FUNCTIONAL POTENTIAL AND DIVERSITY OF THE BACTERIAL FAMILY PSEUDONOCARDIACEAE FROM CAVES

Dark, humid, and nutrient-depleted conditions inside caves set limitations on their habitability, which results in microbial diversity and community structures that differ from surface environments. Recent studies that investigated cave microbiomes reveal that Pseudonocardiaceae, a family of bacteria belonging to the phylum Actinomycetota, are abundant in cave sediment and on rocks as subaerial biofilms. This study applied metagenomics to characterize the functional potential of uncultured Pseudonocardiaceae and associated microbes from a cave in Knox County, Tennessee, which complemented past research that assessed microbial diversity using 16S rRNA gene surveys.
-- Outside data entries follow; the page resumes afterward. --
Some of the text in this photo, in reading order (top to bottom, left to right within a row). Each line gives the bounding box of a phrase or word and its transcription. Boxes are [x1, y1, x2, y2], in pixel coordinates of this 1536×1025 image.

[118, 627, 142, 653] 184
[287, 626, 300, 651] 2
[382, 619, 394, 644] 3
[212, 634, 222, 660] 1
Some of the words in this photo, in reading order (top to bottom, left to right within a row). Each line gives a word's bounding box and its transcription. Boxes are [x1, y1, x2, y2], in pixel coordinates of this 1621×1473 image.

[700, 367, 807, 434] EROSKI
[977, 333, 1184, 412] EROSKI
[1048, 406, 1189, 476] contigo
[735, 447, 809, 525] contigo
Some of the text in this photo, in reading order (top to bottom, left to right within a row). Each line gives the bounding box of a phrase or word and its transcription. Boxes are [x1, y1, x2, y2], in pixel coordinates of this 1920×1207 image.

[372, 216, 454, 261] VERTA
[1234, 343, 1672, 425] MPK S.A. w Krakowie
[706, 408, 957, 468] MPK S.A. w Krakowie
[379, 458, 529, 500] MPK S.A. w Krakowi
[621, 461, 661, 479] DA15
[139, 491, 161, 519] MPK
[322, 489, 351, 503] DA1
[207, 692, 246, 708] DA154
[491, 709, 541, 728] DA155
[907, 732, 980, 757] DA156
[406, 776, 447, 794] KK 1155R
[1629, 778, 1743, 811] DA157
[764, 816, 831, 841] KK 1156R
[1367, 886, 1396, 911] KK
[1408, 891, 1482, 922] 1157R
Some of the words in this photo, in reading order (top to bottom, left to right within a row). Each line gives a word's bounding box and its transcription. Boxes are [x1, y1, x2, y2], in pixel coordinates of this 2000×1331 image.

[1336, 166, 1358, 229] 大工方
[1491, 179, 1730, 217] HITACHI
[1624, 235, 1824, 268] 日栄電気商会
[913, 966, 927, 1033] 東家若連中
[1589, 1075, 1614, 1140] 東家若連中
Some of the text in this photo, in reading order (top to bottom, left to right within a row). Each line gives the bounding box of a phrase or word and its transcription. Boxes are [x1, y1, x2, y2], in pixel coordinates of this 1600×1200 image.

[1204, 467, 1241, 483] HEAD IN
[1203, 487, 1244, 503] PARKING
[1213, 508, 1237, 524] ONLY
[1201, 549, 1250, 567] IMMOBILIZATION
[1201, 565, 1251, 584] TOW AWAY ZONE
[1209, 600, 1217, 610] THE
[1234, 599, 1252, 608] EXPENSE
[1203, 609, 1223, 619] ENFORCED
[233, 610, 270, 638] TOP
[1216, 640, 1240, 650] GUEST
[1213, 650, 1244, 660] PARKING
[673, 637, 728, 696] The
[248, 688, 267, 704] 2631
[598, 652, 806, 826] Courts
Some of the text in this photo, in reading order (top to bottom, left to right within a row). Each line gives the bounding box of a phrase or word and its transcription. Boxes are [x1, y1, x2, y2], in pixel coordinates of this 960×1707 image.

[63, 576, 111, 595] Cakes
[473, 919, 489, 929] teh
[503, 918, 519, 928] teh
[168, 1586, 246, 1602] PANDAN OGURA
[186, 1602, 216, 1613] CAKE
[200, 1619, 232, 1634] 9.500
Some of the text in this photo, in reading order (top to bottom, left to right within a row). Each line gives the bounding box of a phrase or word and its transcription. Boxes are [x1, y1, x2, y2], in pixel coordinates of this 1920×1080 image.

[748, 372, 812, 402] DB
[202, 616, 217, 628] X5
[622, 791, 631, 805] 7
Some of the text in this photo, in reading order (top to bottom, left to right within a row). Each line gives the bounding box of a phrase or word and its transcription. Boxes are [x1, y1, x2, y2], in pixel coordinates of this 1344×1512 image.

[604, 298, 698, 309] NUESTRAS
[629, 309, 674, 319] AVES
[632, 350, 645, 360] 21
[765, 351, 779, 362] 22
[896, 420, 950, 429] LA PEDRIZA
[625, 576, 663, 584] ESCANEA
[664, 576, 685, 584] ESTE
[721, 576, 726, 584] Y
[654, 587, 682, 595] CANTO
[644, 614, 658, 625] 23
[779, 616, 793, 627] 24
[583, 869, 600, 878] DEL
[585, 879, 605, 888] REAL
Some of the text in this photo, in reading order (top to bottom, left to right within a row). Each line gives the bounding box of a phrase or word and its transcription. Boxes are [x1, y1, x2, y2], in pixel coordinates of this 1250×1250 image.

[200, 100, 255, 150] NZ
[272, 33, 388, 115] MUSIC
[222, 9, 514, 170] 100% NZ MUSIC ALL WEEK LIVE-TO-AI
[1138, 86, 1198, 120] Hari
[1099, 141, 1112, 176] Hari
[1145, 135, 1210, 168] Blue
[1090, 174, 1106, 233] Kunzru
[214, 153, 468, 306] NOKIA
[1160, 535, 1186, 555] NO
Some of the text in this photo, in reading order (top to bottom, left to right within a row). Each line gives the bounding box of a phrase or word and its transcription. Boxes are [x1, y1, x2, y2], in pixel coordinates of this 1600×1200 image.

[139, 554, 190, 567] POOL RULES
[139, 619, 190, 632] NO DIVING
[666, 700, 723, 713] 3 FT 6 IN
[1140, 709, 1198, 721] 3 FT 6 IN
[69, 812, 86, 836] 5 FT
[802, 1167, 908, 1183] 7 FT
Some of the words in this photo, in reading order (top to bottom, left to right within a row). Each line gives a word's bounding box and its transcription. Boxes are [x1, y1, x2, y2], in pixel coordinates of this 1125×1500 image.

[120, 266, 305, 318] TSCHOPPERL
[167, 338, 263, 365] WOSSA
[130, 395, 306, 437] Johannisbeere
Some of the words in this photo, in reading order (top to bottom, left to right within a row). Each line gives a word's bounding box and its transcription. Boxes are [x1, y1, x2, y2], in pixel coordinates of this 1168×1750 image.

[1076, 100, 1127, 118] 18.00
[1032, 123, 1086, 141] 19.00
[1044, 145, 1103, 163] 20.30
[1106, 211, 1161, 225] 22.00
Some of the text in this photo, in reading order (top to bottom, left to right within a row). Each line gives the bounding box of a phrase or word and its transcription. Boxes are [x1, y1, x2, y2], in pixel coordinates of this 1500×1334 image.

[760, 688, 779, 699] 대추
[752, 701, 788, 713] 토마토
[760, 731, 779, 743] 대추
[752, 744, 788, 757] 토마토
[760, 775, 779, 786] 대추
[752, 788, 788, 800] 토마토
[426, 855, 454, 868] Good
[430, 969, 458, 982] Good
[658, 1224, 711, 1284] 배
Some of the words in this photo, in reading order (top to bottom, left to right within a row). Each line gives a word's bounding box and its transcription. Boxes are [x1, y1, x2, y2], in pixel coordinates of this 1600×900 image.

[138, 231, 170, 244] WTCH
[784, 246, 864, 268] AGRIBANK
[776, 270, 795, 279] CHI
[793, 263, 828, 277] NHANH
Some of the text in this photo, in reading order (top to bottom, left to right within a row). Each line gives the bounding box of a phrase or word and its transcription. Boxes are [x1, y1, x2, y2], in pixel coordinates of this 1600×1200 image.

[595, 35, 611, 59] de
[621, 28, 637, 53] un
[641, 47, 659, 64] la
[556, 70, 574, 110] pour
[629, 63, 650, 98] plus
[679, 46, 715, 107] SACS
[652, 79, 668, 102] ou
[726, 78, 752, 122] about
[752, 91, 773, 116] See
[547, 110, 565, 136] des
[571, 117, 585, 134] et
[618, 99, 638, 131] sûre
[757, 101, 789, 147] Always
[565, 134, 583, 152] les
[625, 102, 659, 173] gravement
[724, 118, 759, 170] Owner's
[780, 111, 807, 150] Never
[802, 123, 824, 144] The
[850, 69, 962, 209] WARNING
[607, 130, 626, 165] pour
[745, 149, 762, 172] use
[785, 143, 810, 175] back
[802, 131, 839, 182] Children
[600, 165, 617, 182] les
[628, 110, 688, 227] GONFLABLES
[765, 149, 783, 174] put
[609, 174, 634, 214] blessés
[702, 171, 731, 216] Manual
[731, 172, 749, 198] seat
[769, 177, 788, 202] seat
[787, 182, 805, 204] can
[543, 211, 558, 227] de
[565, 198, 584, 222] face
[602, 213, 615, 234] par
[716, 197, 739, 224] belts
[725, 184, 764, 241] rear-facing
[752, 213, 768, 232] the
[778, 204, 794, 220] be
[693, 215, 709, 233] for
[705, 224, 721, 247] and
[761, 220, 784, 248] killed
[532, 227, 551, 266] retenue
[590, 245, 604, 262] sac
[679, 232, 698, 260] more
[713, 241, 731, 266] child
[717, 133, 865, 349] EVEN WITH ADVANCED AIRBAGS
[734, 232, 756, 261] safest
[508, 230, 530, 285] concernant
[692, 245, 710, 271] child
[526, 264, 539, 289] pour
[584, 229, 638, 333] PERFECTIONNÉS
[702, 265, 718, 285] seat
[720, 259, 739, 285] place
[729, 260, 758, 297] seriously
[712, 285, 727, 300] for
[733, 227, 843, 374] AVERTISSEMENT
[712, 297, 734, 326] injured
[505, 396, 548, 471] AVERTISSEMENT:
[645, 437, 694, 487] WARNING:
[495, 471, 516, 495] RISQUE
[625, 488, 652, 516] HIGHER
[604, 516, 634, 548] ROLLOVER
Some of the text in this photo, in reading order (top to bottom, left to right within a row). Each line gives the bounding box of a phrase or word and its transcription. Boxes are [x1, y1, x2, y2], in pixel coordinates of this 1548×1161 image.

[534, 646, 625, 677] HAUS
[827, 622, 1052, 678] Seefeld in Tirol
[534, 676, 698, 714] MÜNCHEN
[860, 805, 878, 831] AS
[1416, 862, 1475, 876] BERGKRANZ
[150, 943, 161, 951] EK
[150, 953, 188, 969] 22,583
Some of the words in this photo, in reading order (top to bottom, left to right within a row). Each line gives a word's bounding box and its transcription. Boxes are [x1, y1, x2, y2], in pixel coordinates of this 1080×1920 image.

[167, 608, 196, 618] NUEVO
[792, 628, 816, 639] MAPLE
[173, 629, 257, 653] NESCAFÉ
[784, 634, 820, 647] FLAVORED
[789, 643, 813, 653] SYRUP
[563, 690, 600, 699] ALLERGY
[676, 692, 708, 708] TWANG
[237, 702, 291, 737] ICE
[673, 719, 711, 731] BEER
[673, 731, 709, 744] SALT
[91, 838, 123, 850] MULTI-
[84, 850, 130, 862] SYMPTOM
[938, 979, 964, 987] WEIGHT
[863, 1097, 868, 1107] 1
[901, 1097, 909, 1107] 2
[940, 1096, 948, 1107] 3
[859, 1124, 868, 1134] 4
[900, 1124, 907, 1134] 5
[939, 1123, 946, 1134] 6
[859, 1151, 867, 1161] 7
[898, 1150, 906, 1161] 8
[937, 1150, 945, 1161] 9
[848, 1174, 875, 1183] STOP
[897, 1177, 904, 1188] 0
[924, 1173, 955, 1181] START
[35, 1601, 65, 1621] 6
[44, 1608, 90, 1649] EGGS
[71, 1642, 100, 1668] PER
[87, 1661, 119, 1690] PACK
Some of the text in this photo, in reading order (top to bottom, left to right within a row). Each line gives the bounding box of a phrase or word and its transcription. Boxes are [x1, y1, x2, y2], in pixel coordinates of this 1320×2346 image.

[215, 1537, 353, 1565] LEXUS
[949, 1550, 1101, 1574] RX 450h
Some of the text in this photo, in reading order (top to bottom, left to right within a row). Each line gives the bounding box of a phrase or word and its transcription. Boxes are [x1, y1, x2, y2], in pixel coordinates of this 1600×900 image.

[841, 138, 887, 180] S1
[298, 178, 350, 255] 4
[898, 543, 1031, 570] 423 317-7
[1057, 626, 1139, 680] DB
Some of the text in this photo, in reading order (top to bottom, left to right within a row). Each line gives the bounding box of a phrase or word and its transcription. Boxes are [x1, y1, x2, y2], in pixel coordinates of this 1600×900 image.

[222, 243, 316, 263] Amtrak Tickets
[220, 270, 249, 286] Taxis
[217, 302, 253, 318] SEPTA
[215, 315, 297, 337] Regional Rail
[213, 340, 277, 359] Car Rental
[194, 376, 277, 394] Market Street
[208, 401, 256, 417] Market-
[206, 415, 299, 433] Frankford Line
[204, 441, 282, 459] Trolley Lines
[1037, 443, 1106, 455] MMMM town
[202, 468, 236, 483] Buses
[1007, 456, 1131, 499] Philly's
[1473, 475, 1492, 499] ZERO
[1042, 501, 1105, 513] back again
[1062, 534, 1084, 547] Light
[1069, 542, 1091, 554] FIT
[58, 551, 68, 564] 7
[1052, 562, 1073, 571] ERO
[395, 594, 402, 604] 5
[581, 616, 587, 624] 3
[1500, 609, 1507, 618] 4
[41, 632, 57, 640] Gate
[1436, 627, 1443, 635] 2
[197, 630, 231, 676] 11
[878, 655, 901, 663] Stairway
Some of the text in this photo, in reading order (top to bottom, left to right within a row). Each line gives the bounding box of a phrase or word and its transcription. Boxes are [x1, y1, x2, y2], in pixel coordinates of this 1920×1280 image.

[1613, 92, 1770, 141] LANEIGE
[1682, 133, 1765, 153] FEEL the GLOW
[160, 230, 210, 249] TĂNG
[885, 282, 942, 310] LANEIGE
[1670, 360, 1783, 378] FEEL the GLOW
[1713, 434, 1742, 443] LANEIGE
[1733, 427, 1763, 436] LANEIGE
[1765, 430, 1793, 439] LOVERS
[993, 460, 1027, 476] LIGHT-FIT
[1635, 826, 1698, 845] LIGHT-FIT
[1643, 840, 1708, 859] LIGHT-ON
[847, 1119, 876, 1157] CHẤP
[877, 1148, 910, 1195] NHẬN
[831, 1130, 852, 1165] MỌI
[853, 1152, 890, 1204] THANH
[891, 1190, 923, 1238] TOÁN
From metagenomic data, several Metagenome Assembled Genomes (MAGs) were recovered and assigned to Pseudonocardiaceae. The closest relatives to these MAGs belong to the genus, Actinoalloteichus. The Pseudonocardiaceae MAG with the highest quality was 98.22% complete and had 3.83% contamination. Functions of interest to evaluate from the MAGs included carbon and nitrogen metabolism, antimicrobial strategies, and metabolisms that could affect microbe-mineral interactions. Analyses revealed the potential for chemolithoautotrophic CO₂ fixation, denitrification, trace gas uptake, specifically carbon monoxide, antimicrobial defenses, and capability to affect carbonate precipitation. The Pseudonocardiaceae likely play a crucial role in the cave environments by producing organic carbon at the base of the food web, acting as a sink for trace gas in cave air, limiting microbial interactions within subaerial biofilms, and participating in microbe-mineral interactions that could lead to speleothem formation. This investigation reinforces the connection between microbial ecology and the biogeochemistry of cave environments and raises interests for possible applications in biotechnology from the cave microbiome.